# ASSIGNMENT
Only the pictures are to be omitted; every entry beneath should otherwise be duplicated exactly.
==== DATA RECORDS
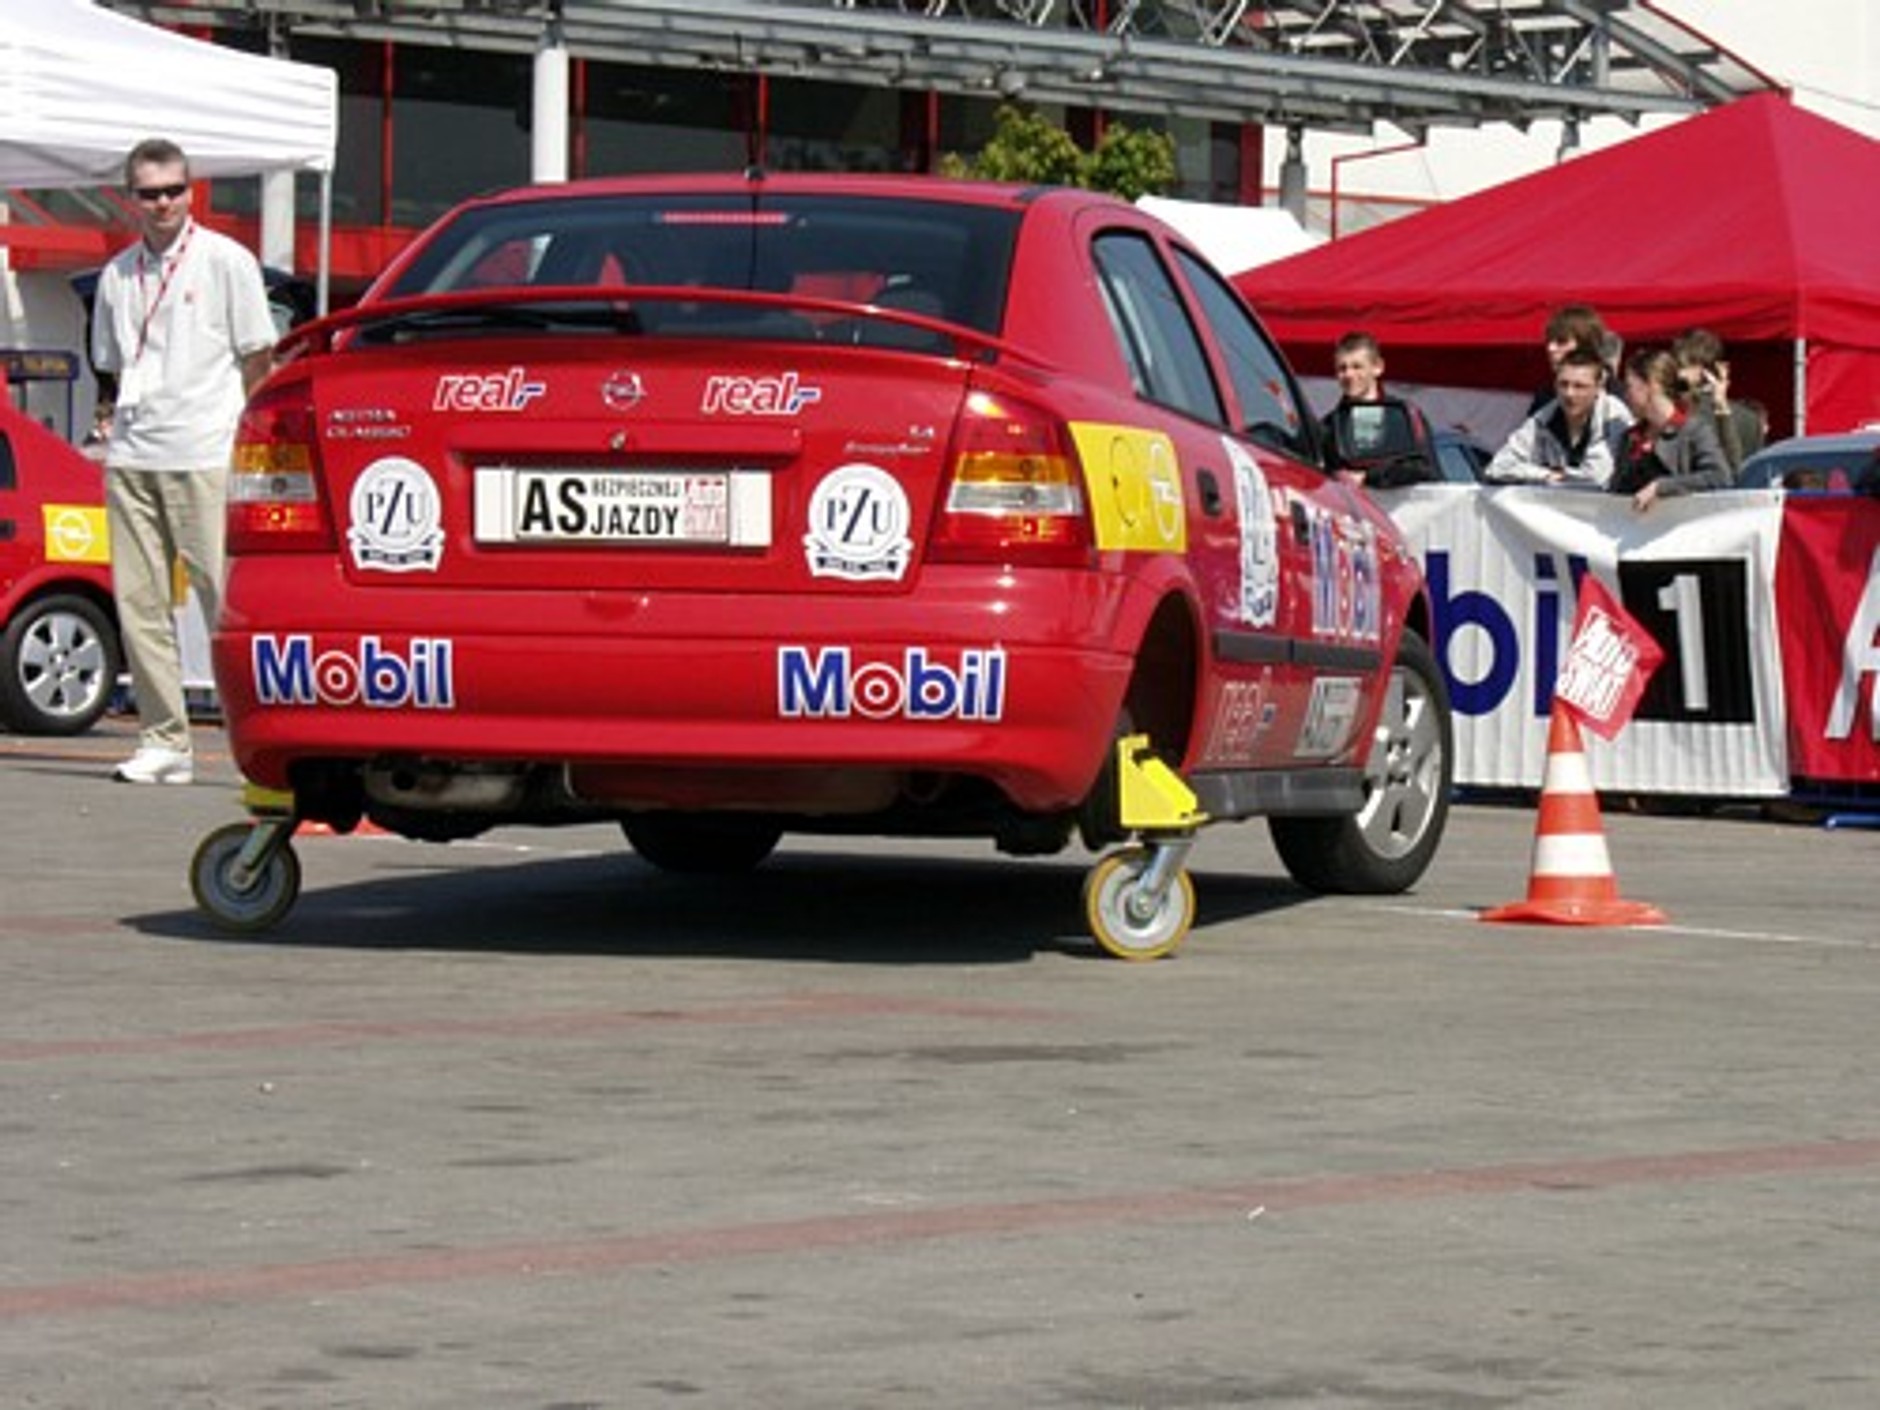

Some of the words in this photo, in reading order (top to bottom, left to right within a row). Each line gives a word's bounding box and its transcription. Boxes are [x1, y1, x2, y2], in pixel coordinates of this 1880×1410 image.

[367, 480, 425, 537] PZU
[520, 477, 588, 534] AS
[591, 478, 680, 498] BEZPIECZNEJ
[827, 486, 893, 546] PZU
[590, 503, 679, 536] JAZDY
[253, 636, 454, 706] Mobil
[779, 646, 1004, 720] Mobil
========
# EXERCISE OUTPUT
Some of the words in this photo, in reading order (top to bottom, left to right within a row). Each line gives a word's bounding box and its transcription. Boxes are [x1, y1, x2, y2], in pixel coordinates of this 1880×1410 image.

[367, 480, 425, 537] PZU
[520, 477, 588, 534] AS
[591, 478, 680, 498] BEZPIECZNEJ
[827, 486, 893, 546] PZU
[590, 503, 679, 536] JAZDY
[253, 636, 454, 706] Mobil
[779, 646, 1004, 720] Mobil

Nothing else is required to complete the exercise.